**PROVIDED RECORDS**:
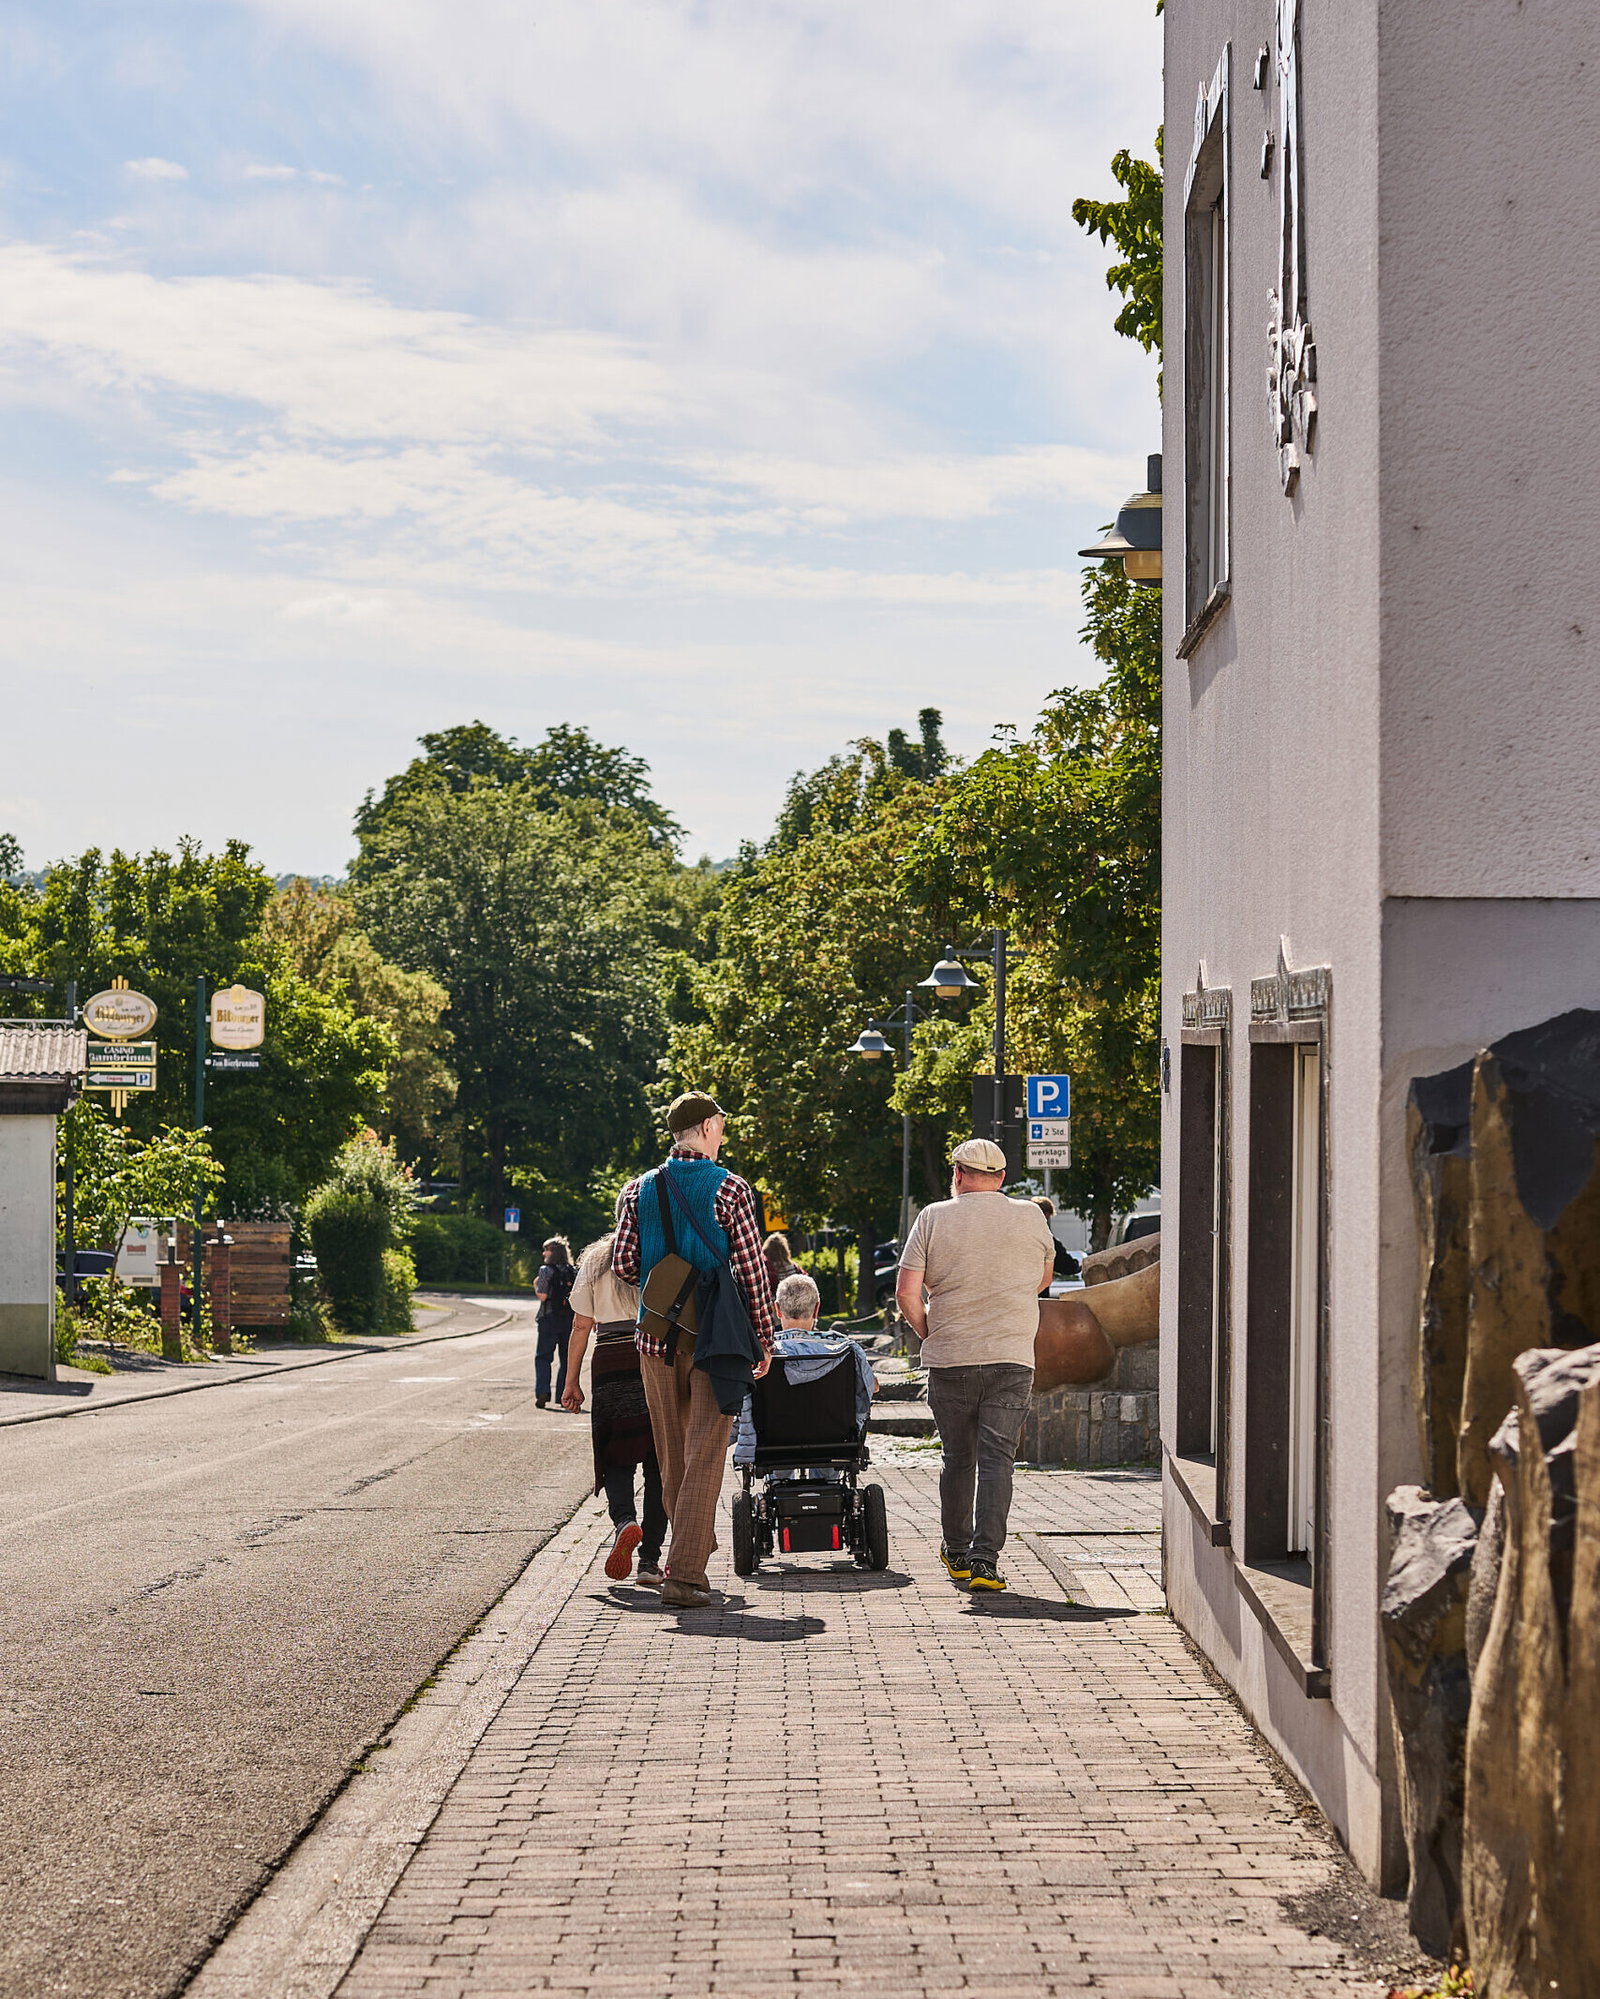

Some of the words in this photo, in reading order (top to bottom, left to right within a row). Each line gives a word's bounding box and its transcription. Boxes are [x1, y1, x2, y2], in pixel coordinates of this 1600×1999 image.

[103, 1046, 135, 1054] CASINO
[139, 1074, 148, 1084] P
[1037, 1081, 1060, 1113] P
[1045, 1127, 1050, 1136] 2
[1031, 1148, 1067, 1157] werktags
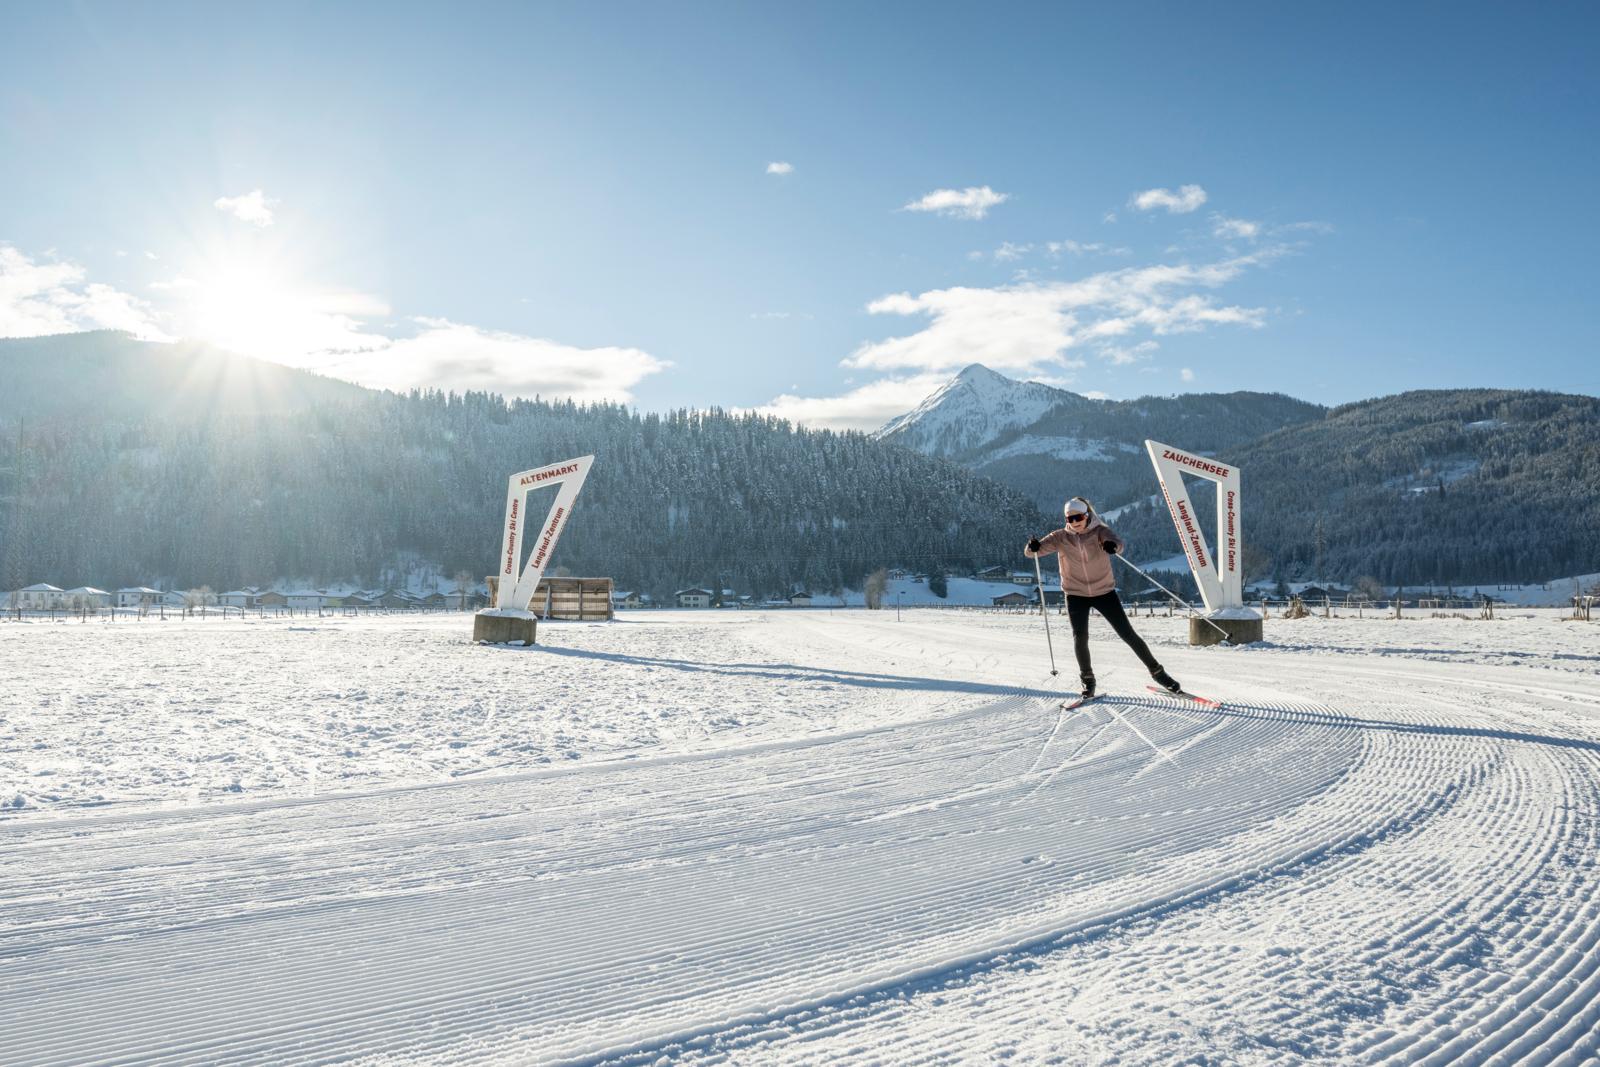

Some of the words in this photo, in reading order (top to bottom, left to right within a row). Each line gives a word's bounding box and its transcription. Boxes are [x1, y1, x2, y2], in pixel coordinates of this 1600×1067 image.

[520, 463, 578, 486] ALTENMARKT
[1162, 450, 1230, 478] ZAUCHENSEE
[510, 498, 518, 519] Centre
[1227, 491, 1235, 537] Cross-Country
[505, 531, 516, 575] Cross-Country
[532, 507, 564, 569] Langlauf-Zentrum
[1177, 500, 1207, 567] Langlauf-Zentrum

**PROBLEM REQUIREMENTS**: Exclude the pictures. Write out the remaining data exactly.

**OUTPUT FOR THIS EXERCISE**:
Some of the words in this photo, in reading order (top to bottom, left to right within a row). Each line gives a word's bounding box and its transcription. Boxes are [x1, y1, x2, y2], in pixel coordinates of this 1600×1999 image.

[103, 1046, 135, 1054] CASINO
[139, 1074, 148, 1084] P
[1037, 1081, 1060, 1113] P
[1045, 1127, 1050, 1136] 2
[1031, 1148, 1067, 1157] werktags

Some of the words in this photo, in reading order (top to bottom, left to right within a row). Each line gives a word's bounding box and its transcription. Boxes are [x1, y1, x2, y2], in pixel coordinates of this 1600×1067 image.

[520, 463, 578, 486] ALTENMARKT
[1162, 450, 1230, 478] ZAUCHENSEE
[510, 498, 518, 519] Centre
[1227, 491, 1235, 537] Cross-Country
[505, 531, 516, 575] Cross-Country
[532, 507, 564, 569] Langlauf-Zentrum
[1177, 500, 1207, 567] Langlauf-Zentrum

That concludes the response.